TASK OBJECTIVE
Repeat the entries below exactly and in full.

DATA SUPPLIED
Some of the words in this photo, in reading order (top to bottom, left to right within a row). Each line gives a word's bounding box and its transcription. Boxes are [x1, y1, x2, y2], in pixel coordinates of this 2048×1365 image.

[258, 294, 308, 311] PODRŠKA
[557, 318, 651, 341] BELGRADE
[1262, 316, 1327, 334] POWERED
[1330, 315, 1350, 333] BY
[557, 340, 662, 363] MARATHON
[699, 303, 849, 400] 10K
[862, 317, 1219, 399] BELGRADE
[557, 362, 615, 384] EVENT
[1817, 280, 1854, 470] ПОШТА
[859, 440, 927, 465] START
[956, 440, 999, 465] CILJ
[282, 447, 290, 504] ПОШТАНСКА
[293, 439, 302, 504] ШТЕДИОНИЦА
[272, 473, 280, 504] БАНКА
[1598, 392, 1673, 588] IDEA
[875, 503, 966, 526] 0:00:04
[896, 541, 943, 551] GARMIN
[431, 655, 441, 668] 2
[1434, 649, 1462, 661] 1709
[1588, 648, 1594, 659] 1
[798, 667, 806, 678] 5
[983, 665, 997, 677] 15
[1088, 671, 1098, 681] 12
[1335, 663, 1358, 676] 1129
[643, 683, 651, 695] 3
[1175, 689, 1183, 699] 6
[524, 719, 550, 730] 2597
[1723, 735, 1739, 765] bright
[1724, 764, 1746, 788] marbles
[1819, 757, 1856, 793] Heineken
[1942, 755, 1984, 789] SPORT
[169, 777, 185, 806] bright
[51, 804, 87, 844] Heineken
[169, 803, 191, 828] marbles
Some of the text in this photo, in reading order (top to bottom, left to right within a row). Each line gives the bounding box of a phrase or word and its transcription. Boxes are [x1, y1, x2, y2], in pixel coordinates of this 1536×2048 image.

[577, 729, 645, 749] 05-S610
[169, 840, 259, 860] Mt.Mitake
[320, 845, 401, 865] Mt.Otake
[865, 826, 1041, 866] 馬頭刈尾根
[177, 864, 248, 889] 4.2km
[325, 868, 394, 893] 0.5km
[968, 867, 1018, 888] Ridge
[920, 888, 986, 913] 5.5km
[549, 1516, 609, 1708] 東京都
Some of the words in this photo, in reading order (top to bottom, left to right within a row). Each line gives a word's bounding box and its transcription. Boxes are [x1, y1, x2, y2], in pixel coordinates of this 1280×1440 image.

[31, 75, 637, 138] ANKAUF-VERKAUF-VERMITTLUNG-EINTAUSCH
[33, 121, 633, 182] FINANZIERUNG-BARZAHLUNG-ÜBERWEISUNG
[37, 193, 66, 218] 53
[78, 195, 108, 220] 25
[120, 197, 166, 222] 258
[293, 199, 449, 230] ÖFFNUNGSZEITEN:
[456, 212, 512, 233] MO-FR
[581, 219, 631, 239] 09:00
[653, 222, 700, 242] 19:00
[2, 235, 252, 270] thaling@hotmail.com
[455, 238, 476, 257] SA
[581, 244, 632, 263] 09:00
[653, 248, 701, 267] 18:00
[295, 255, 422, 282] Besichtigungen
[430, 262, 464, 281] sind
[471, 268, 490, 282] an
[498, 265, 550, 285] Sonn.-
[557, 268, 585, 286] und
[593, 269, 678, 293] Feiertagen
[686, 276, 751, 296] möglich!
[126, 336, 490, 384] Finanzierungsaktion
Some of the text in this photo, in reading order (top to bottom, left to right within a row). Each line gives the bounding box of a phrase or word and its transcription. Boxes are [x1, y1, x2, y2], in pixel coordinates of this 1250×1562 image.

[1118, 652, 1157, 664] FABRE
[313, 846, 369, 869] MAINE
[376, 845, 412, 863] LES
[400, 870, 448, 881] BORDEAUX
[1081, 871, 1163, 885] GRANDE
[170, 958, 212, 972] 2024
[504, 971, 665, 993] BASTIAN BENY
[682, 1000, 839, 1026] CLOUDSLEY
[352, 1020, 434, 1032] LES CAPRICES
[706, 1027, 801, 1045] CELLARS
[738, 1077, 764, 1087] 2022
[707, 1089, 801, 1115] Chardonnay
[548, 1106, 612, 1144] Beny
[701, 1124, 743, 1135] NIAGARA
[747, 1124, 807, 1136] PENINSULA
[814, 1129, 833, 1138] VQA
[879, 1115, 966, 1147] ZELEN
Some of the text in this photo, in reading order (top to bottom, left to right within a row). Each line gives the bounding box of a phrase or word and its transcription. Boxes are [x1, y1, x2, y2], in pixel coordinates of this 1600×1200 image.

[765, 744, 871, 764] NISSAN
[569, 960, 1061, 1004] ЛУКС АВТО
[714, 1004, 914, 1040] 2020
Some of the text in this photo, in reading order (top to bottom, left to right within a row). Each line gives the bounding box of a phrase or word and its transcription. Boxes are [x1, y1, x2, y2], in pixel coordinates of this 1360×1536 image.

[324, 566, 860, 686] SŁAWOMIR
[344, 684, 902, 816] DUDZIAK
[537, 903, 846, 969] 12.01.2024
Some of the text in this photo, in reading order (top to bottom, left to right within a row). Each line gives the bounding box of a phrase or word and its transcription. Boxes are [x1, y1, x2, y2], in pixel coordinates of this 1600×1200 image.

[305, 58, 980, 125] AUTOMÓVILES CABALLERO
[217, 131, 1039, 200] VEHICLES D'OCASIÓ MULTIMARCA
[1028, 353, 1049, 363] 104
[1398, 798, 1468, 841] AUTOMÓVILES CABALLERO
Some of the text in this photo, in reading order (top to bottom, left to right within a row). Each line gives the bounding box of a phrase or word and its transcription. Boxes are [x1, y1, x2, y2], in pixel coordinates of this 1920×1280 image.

TASK SOLUTION
Some of the words in this photo, in reading order (top to bottom, left to right within a row). Each line gives a word's bounding box and its transcription. Boxes are [x1, y1, x2, y2], in pixel coordinates of this 2048×1365 image.

[258, 294, 308, 311] PODRŠKA
[557, 318, 651, 341] BELGRADE
[1262, 316, 1327, 334] POWERED
[1330, 315, 1350, 333] BY
[557, 340, 662, 363] MARATHON
[699, 303, 849, 400] 10K
[862, 317, 1219, 399] BELGRADE
[557, 362, 615, 384] EVENT
[1817, 280, 1854, 470] ПОШТА
[859, 440, 927, 465] START
[956, 440, 999, 465] CILJ
[282, 447, 290, 504] ПОШТАНСКА
[293, 439, 302, 504] ШТЕДИОНИЦА
[272, 473, 280, 504] БАНКА
[1598, 392, 1673, 588] IDEA
[875, 503, 966, 526] 0:00:04
[896, 541, 943, 551] GARMIN
[431, 655, 441, 668] 2
[1434, 649, 1462, 661] 1709
[1588, 648, 1594, 659] 1
[798, 667, 806, 678] 5
[983, 665, 997, 677] 15
[1088, 671, 1098, 681] 12
[1335, 663, 1358, 676] 1129
[643, 683, 651, 695] 3
[1175, 689, 1183, 699] 6
[524, 719, 550, 730] 2597
[1723, 735, 1739, 765] bright
[1724, 764, 1746, 788] marbles
[1819, 757, 1856, 793] Heineken
[1942, 755, 1984, 789] SPORT
[169, 777, 185, 806] bright
[51, 804, 87, 844] Heineken
[169, 803, 191, 828] marbles
Some of the text in this photo, in reading order (top to bottom, left to right within a row). Each line gives the bounding box of a phrase or word and its transcription. Boxes are [x1, y1, x2, y2], in pixel coordinates of this 1536×2048 image.

[577, 729, 645, 749] 05-S610
[169, 840, 259, 860] Mt.Mitake
[320, 845, 401, 865] Mt.Otake
[865, 826, 1041, 866] 馬頭刈尾根
[177, 864, 248, 889] 4.2km
[325, 868, 394, 893] 0.5km
[968, 867, 1018, 888] Ridge
[920, 888, 986, 913] 5.5km
[549, 1516, 609, 1708] 東京都
Some of the words in this photo, in reading order (top to bottom, left to right within a row). Each line gives a word's bounding box and its transcription. Boxes are [x1, y1, x2, y2], in pixel coordinates of this 1280×1440 image.

[31, 75, 637, 138] ANKAUF-VERKAUF-VERMITTLUNG-EINTAUSCH
[33, 121, 633, 182] FINANZIERUNG-BARZAHLUNG-ÜBERWEISUNG
[37, 193, 66, 218] 53
[78, 195, 108, 220] 25
[120, 197, 166, 222] 258
[293, 199, 449, 230] ÖFFNUNGSZEITEN:
[456, 212, 512, 233] MO-FR
[581, 219, 631, 239] 09:00
[653, 222, 700, 242] 19:00
[2, 235, 252, 270] thaling@hotmail.com
[455, 238, 476, 257] SA
[581, 244, 632, 263] 09:00
[653, 248, 701, 267] 18:00
[295, 255, 422, 282] Besichtigungen
[430, 262, 464, 281] sind
[471, 268, 490, 282] an
[498, 265, 550, 285] Sonn.-
[557, 268, 585, 286] und
[593, 269, 678, 293] Feiertagen
[686, 276, 751, 296] möglich!
[126, 336, 490, 384] Finanzierungsaktion
Some of the text in this photo, in reading order (top to bottom, left to right within a row). Each line gives the bounding box of a phrase or word and its transcription. Boxes are [x1, y1, x2, y2], in pixel coordinates of this 1250×1562 image.

[1118, 652, 1157, 664] FABRE
[313, 846, 369, 869] MAINE
[376, 845, 412, 863] LES
[400, 870, 448, 881] BORDEAUX
[1081, 871, 1163, 885] GRANDE
[170, 958, 212, 972] 2024
[504, 971, 665, 993] BASTIAN BENY
[682, 1000, 839, 1026] CLOUDSLEY
[352, 1020, 434, 1032] LES CAPRICES
[706, 1027, 801, 1045] CELLARS
[738, 1077, 764, 1087] 2022
[707, 1089, 801, 1115] Chardonnay
[548, 1106, 612, 1144] Beny
[701, 1124, 743, 1135] NIAGARA
[747, 1124, 807, 1136] PENINSULA
[814, 1129, 833, 1138] VQA
[879, 1115, 966, 1147] ZELEN
Some of the text in this photo, in reading order (top to bottom, left to right within a row). Each line gives the bounding box of a phrase or word and its transcription. Boxes are [x1, y1, x2, y2], in pixel coordinates of this 1600×1200 image.

[765, 744, 871, 764] NISSAN
[569, 960, 1061, 1004] ЛУКС АВТО
[714, 1004, 914, 1040] 2020
Some of the text in this photo, in reading order (top to bottom, left to right within a row). Each line gives the bounding box of a phrase or word and its transcription. Boxes are [x1, y1, x2, y2], in pixel coordinates of this 1360×1536 image.

[324, 566, 860, 686] SŁAWOMIR
[344, 684, 902, 816] DUDZIAK
[537, 903, 846, 969] 12.01.2024
Some of the text in this photo, in reading order (top to bottom, left to right within a row). Each line gives the bounding box of a phrase or word and its transcription. Boxes are [x1, y1, x2, y2], in pixel coordinates of this 1600×1200 image.

[305, 58, 980, 125] AUTOMÓVILES CABALLERO
[217, 131, 1039, 200] VEHICLES D'OCASIÓ MULTIMARCA
[1028, 353, 1049, 363] 104
[1398, 798, 1468, 841] AUTOMÓVILES CABALLERO
Some of the text in this photo, in reading order (top to bottom, left to right within a row). Each line gives the bounding box of a phrase or word and its transcription. Boxes are [x1, y1, x2, y2], in pixel coordinates of this 1920×1280 image.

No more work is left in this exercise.